Uscirono, ma Vera sentì chiaramente la voce di Olga dalla cucina. Prima un sussurro, poi sempre più forte.
«Ma sei impazzito? È così presuntuosa, ostinata. L’ho vista in pasticceria—faceva la commessa! È questa la moglie che vuoi? Tu sei un bel ragazzo, hai la tua attività, e lei ti trascina via! In periferia, in mezzo al nulla! Cosa ci trova in te? Hai un appartamento, la macchina, uno status! E lei cos’ha?»
Il cuore di Vera batteva a mille. Le mani le si ghiacciarono. Si alzò, senza fare rumore, indossò la giacca e uscì. Nessuna scenata, nessuna lacrima. Solo un freddo nel petto e un silenzioso «ho capito tutto.»
Con Michele si erano conosciuti in pasticceria. Lui andava spesso a comprare dolci per sé e per la mamma. Un giorno, dietro al bancone c’era Vera. Tra loro era scoccato qualcosa—uno sguardo, un sorriso, qualche parola.

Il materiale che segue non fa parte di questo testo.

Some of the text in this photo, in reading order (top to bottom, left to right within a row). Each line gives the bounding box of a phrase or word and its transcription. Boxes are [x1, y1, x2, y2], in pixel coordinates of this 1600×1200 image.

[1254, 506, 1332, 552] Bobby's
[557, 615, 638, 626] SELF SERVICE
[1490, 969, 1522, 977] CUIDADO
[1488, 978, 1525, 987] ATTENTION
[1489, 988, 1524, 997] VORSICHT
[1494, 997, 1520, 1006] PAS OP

«Per la mamma, una torta alla cannella, per me una al papavero, e una scatola di bignè. Posso invitarti a fare una passeggiata stasera?»

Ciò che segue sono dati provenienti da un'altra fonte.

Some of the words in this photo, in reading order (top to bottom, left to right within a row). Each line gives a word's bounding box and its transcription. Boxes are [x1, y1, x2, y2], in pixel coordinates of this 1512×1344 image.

«Oggi non posso, ho il turno fino a tardi. Magari un’altra volta.»
Sei mesi dopo, lui le fece la proposta. Si scoprì che era proprietario di una piccola catena di pasticcerie—un’attività ereditata dalla madre. Lei l’aveva avviata, lui l’aveva fatta crescere. Lavorava senza farsi problemi—poteva lavare i pavimenti o stare alla cassa.

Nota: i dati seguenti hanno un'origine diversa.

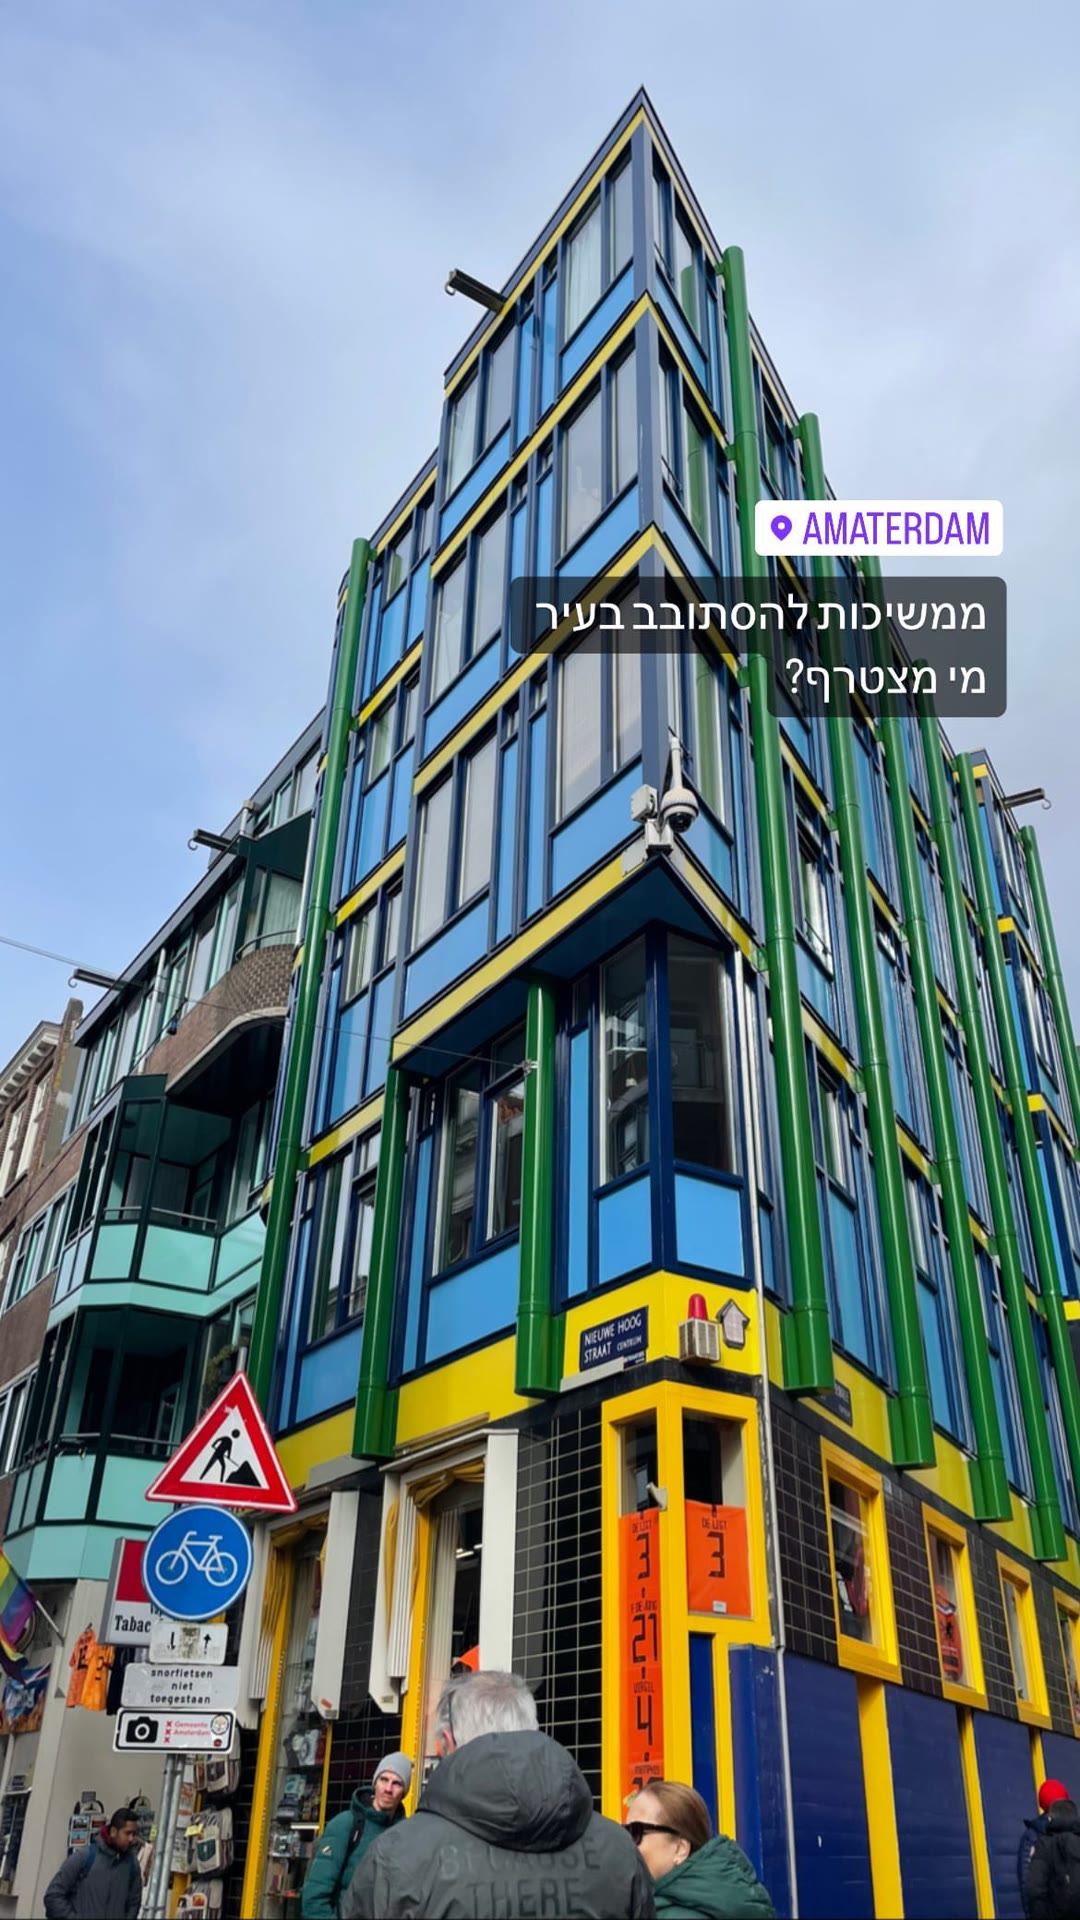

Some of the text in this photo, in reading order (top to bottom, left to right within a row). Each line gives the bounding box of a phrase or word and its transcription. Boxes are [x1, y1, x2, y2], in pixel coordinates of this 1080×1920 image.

[584, 1313, 642, 1346] NIEUWE HOOG
[584, 1341, 612, 1364] STRAAT
[617, 1336, 642, 1351] CENTRUM
[702, 1518, 711, 1530] DE
[636, 1532, 651, 1580] 3
[707, 1530, 725, 1578] 3
[114, 1614, 151, 1633] Tabac
[632, 1613, 658, 1664] 21
[151, 1668, 213, 1678] snorfietsen
[171, 1681, 193, 1691] niet
[150, 1694, 211, 1705] toegestaan
[174, 1721, 208, 1729] Gemeente
[637, 1695, 652, 1746] 4
[172, 1729, 211, 1737] Amsterdam
[466, 1877, 583, 1918] THERE

«La mia vita è semplice,» diceva Vera. «Mia madre, mia nonna, mia sorella. La casa è grande, è un lascito di mio nonno. Viviamo lì.»
«Io sto con la mamma. Abbiamo un trilocale. Penso che tu verrai da noi.»
«No. Non lascerò mia nonna. Possiamo comprare qualcosa insieme, ma non verrò da voi.»
«Ma è un paesino!»
«È una casa moderna in periferia. Non confondere.»
Dopo la visita sgradevole, Vera evitò di parlare del matrimonio. Michele la supplicava:
«La mamma è solo preoccupata. Ma ti ha accettato. Ha fatto delle indagini, ha verificato tutto. Vuole venire con noi a conoscere tua nonna.»
«Indagini? Accettata?! No, mia nonna verrà al bar. Che si conoscano lì. E senza giudicare la casa.»
Il matrimonio comunque si fece. Michele si trasferì da Vera. Per un anno vissero tranquilli, quasi felici. Poi iniziarono le visite della suocera.
«Che bello qui. Potrei restare per sempre,» insinuava, osservando la casa.
Poi venne il colpo di scena. Michele perse il lavoro, e poco dopo Vera scoprì la verità—prima del matrimonio, aveva preso un grosso prestito… per comprare un appartamento a sua sorella. Doveva pagare lui. Tutto era rimasto segreto—finché la banca non iniziò a chiamare all’indirizzo di residenza.
Olga irruppe in casa come un uragano.
«Cos’hai combinato, Vera?! Mio figlio ha dato tutto a te, ora è pieno di debiti! Lo hai portato via, lo hai ridotto sul lastrico, e ora è sommerso dai prestiti!»
«Ma di cosa state parlando? Vive qui gratis, non paga le bollette, mangia a mie spese, usa le mie cose. Che debiti?!»
«Lavora per te, e i soldi non ci sono! Dov’è il suo stipendio?»
«Michele, spiega. Di cosa si tratta?»
«Zitto, Michele!» gridò Olga.
«Basta! Michele, parla. Che prestito è questo?»
«Ho preso un mutuo… sei mesi prima del matrimonio. Per mia sorella. Si è separata, ha i bambini… La mamma mi ha chiesto di aiutarla.»
«E quando pensavi di dirmelo?»
«Non lo so…»
«E adesso?»
«Pagate. Siete una famiglia ora, quindi insieme,» dichiarò Olga.
«No. Non più una famiglia. Da questo momento—no. Andatevene. Tutti e due.»
«Sei seria?!» Michele rimase impietrito.
«Molto. Lascia le chiavi.»
Se ne andò. Senza scenate. Senza abbracci. Semplicemente uscì con una valigia. Vera, senza versare una lacrima, gli chiuse la porta alle spalle. Chiese il divorzio. Non c’era nulla da dividere.
Lui tornò a vivere con la madre, la sorella e i suoi bambini. Trovò un lavoro. Paga il debito. Vive… sopravvive.
E Vera? Vera ha ampliato la pasticceria. È diventata più forte. E sapeva una cosa con certezza: l’amore non è sacrificio né fiducia cieca. È onestà, rispetto e scelta. La scelta—non di salvare, ma di salvaguardare se stessa.